Information Start Marker

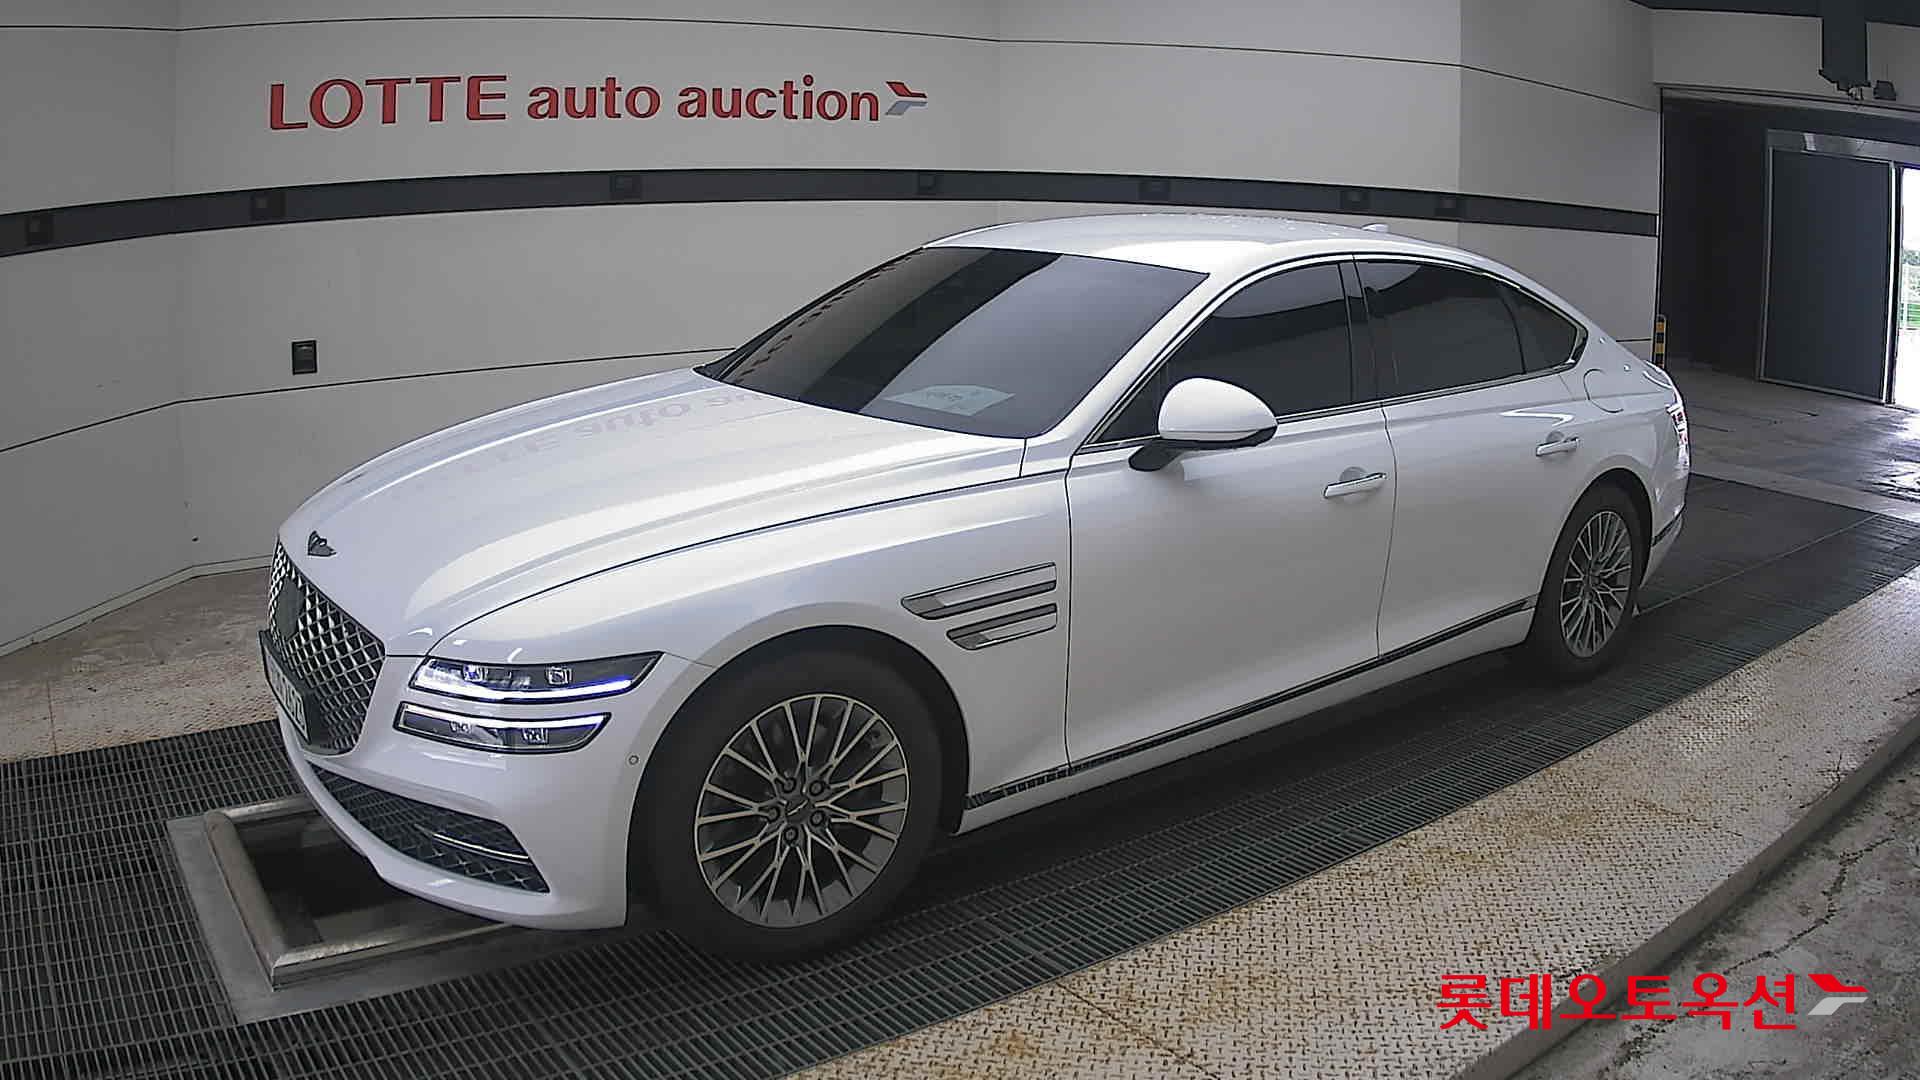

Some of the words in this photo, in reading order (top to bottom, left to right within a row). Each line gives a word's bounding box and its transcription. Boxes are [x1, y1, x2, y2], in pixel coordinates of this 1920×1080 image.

[270, 75, 507, 130] LOTTE
[527, 77, 661, 120] auto
[677, 74, 880, 121] auction
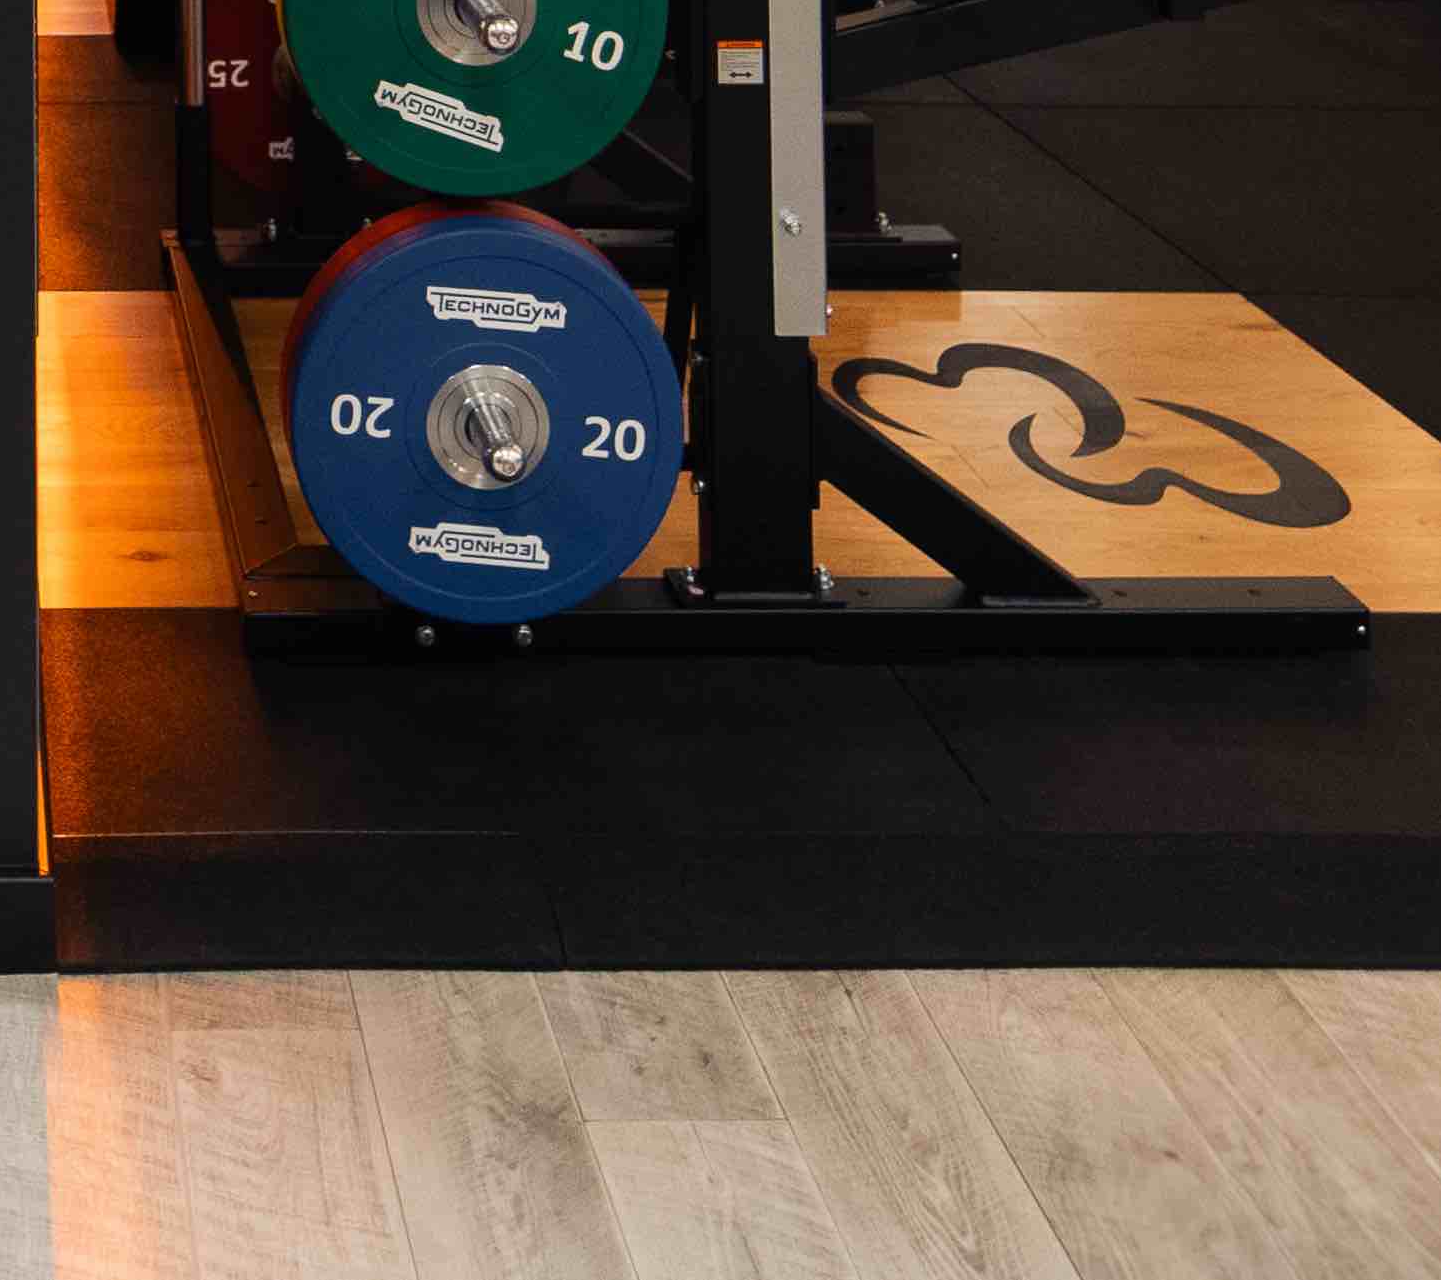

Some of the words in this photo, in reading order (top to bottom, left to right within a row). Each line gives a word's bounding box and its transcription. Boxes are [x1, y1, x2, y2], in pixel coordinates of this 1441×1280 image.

[563, 21, 624, 70] 10
[208, 59, 250, 88] 25
[381, 87, 499, 146] TECHNOGYM
[430, 291, 562, 324] TECHNOGYM
[330, 394, 395, 438] 20
[581, 415, 647, 461] 20
[415, 530, 546, 564] TECHNOGYM
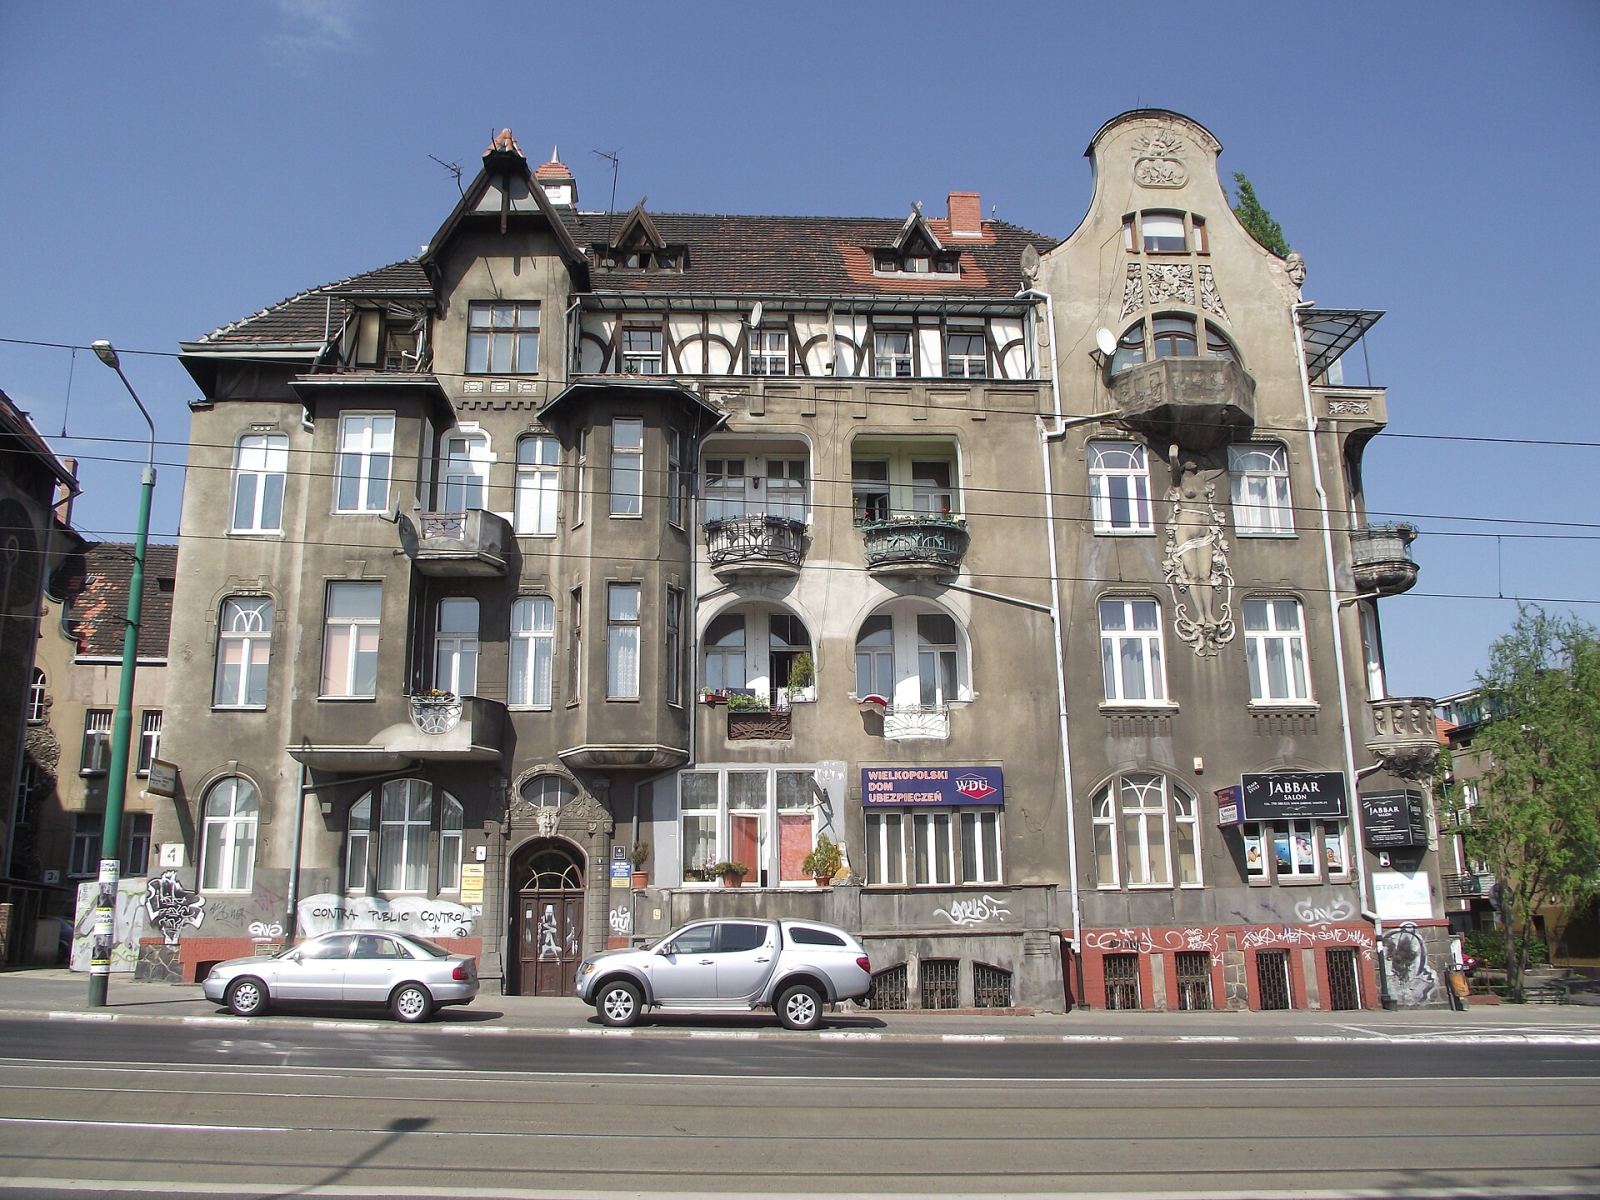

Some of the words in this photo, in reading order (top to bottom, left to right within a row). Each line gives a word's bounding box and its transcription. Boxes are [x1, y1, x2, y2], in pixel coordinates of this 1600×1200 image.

[868, 770, 949, 780] WIELKOPOLSKI
[868, 782, 894, 792] DOM
[955, 780, 988, 792] WDU
[1269, 781, 1321, 796] JABBAR
[868, 790, 942, 803] UBEZPIECZEŃ
[1369, 806, 1400, 816] JABBAR
[1375, 883, 1406, 891] START
[312, 907, 359, 921] CONTRA
[368, 910, 410, 922] PUBLIC
[420, 910, 472, 924] CONTROL
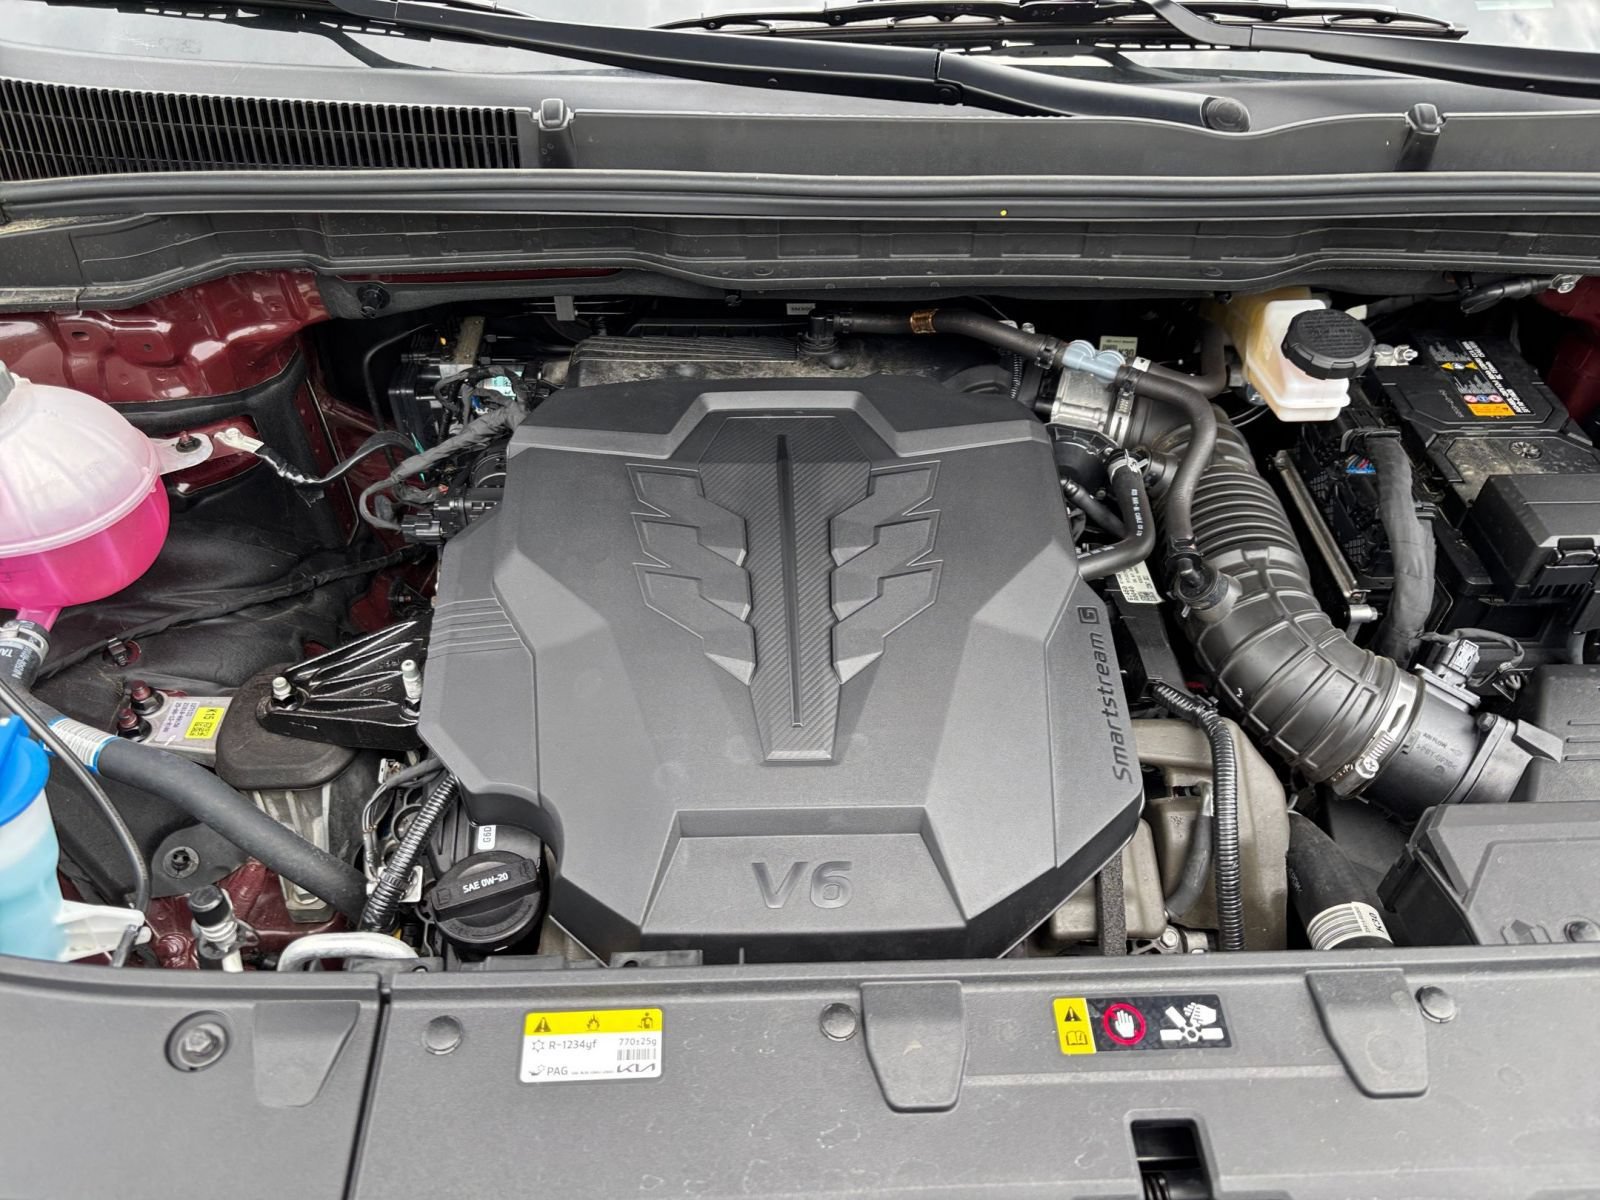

Information End Marker

- [What is being asked] Although the records contain pictures, only the text should be copied, exactly as it stands.

- [Task answer]
Some of the words in this photo, in reading order (top to bottom, left to right within a row). Each line gives a word's bounding box and its transcription. Boxes are [x1, y1, x2, y2], in pixel coordinates of this 1920×1080 image.

[270, 75, 507, 130] LOTTE
[527, 77, 661, 120] auto
[677, 74, 880, 121] auction

Some of the words in this photo, in reading order (top to bottom, left to right within a row). Each line gives a word's bounding box and its transcription. Boxes are [x1, y1, x2, y2], in pixel coordinates of this 1441×1280 image.

[563, 21, 624, 70] 10
[208, 59, 250, 88] 25
[381, 87, 499, 146] TECHNOGYM
[430, 291, 562, 324] TECHNOGYM
[330, 394, 395, 438] 20
[581, 415, 647, 461] 20
[415, 530, 546, 564] TECHNOGYM

Some of the words in this photo, in reading order (top to bottom, left to right within a row). Each line gives a word's bounding box and its transcription. Boxes are [x1, y1, x2, y2], in pixel coordinates of this 1600×1200 image.

[868, 770, 949, 780] WIELKOPOLSKI
[868, 782, 894, 792] DOM
[955, 780, 988, 792] WDU
[1269, 781, 1321, 796] JABBAR
[868, 790, 942, 803] UBEZPIECZEŃ
[1369, 806, 1400, 816] JABBAR
[1375, 883, 1406, 891] START
[312, 907, 359, 921] CONTRA
[368, 910, 410, 922] PUBLIC
[420, 910, 472, 924] CONTROL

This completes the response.